### Your goal
Where an entry below contains an image, skip the image and copy the rest exactly.

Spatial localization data
- - - - -

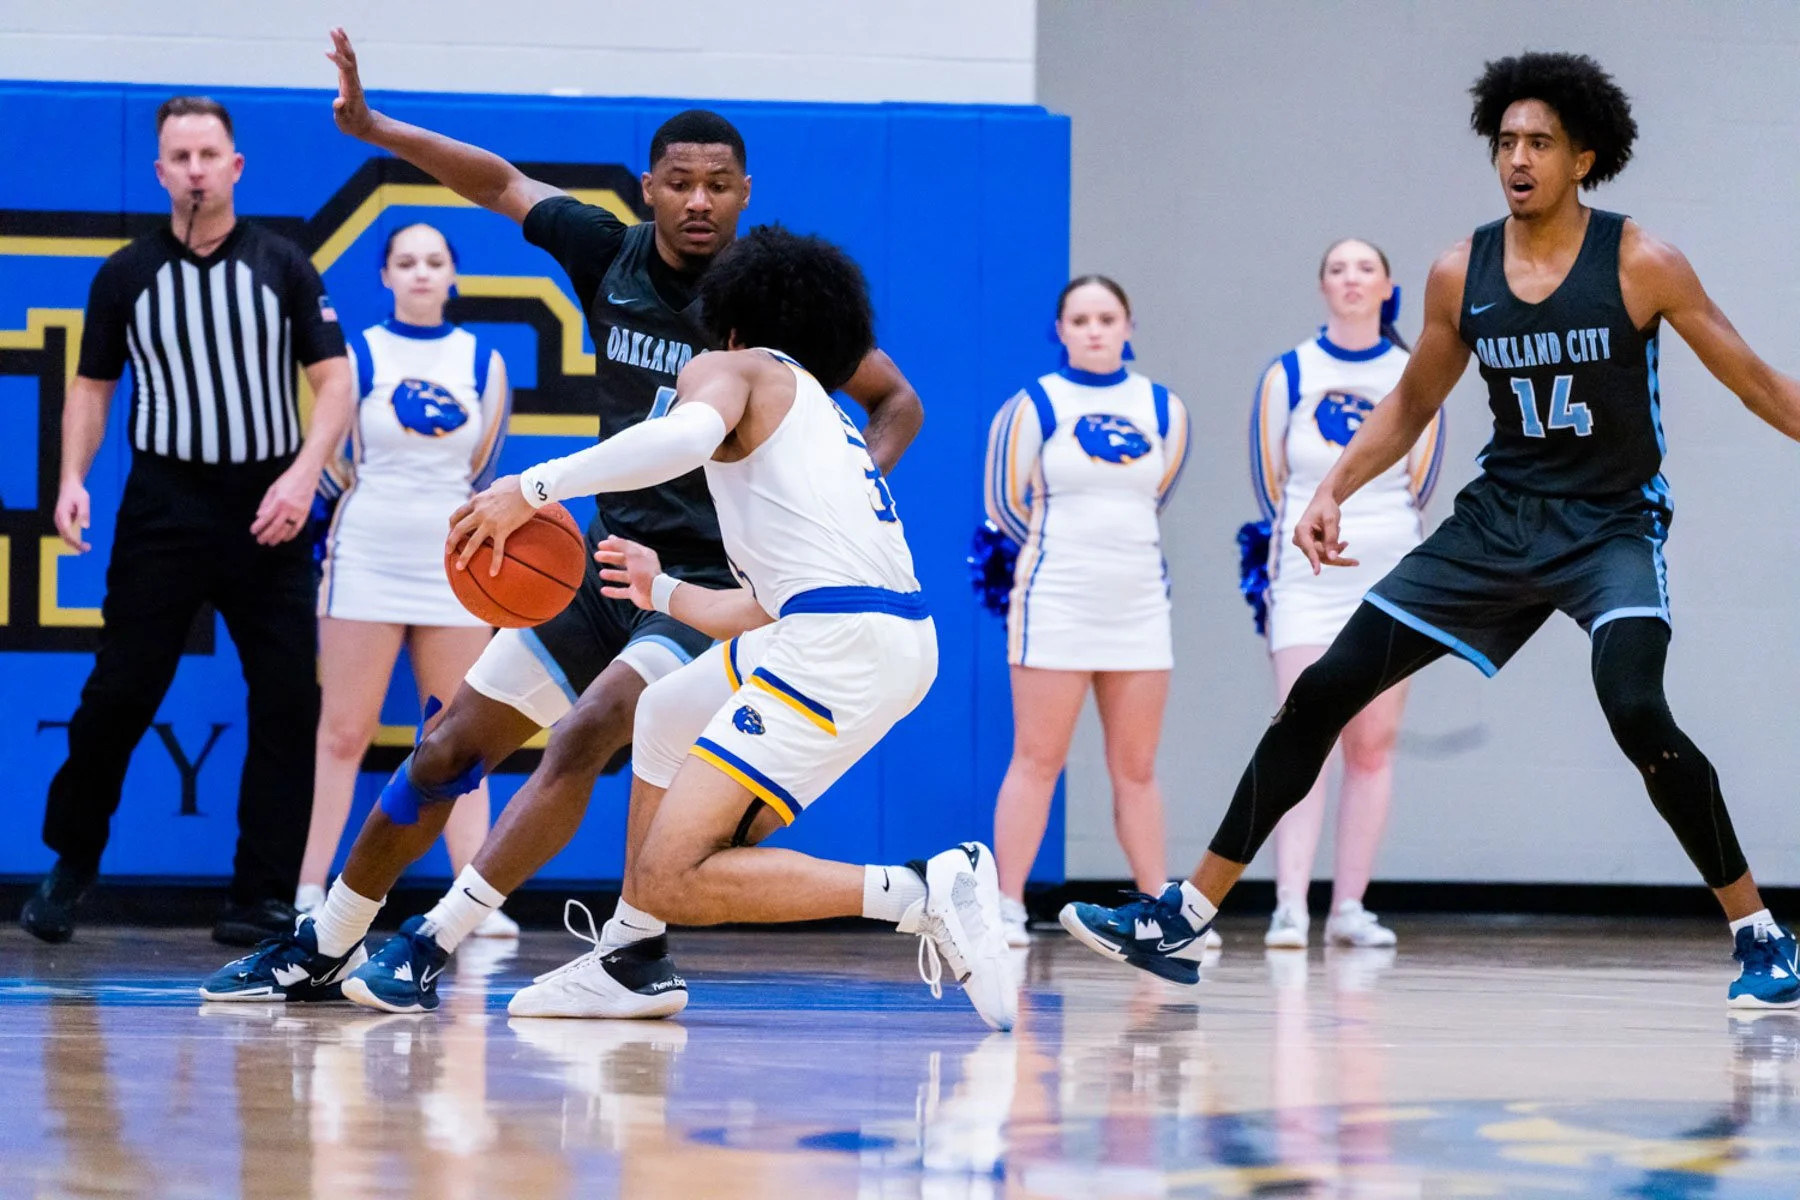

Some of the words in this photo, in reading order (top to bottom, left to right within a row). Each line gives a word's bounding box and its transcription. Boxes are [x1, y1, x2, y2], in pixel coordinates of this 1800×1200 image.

[606, 325, 693, 376] OAKLAND
[1476, 331, 1561, 369] OAKLAND
[1566, 327, 1611, 363] CITY
[1510, 375, 1594, 438] 14

- - - - -

### Response
Some of the words in this photo, in reading order (top to bottom, left to right within a row). Each line gives a word's bounding box and its transcription. Boxes are [x1, y1, x2, y2], in pixel coordinates of this 1800×1200 image.

[606, 325, 693, 376] OAKLAND
[1476, 331, 1561, 369] OAKLAND
[1566, 327, 1611, 363] CITY
[1510, 375, 1594, 438] 14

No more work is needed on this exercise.